Growler Valley is a 65-mile (105-km) long valley paralleling the Growler Mountains on the east-(attached to the Little Ajo Mountains), and the Granite Mountains on the west. Most of Growler Valley is located in the Cabeza Prieta National Wildlife Refuge, with part located in the Barry M. Goldwater Air Force Range.

The Growler Wash transits the valley northwesterly, and turns west to meet the San Cristobal Wash at the north end of the Granite Mountains. The Growler Valley is the southeast portion of the San Cristobal Wash Watershed and drains from the north perimeter of the Organ Pipe Cactus National Monument. Drainages south flow into northern Sonora, Mexico. The northwesterly-flowing San Cristobal drainage disappears into the ground before reaching the Gila River Valley.

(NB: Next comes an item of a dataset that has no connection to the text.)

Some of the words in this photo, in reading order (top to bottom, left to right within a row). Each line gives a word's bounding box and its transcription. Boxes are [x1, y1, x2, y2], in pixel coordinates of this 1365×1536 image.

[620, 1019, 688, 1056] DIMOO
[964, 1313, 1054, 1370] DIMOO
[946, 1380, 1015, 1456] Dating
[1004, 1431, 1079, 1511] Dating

The Growler Valley & Growler Mountains are located at 32.2428-N, 113.0279-W.

==Access to Growler Valley==
The closest access points to the Growler are by dirt road from Ajo, Arizona on State Route 85. Central areas of the valley are by dirt road through the central Growler Mountains west of Ajo, about 30 mi; the south of the valley and the north of the National Monument are 25 mi southwest. The north of the valley is accessed from State Route 85 through the Childs Valley at about 45 mi.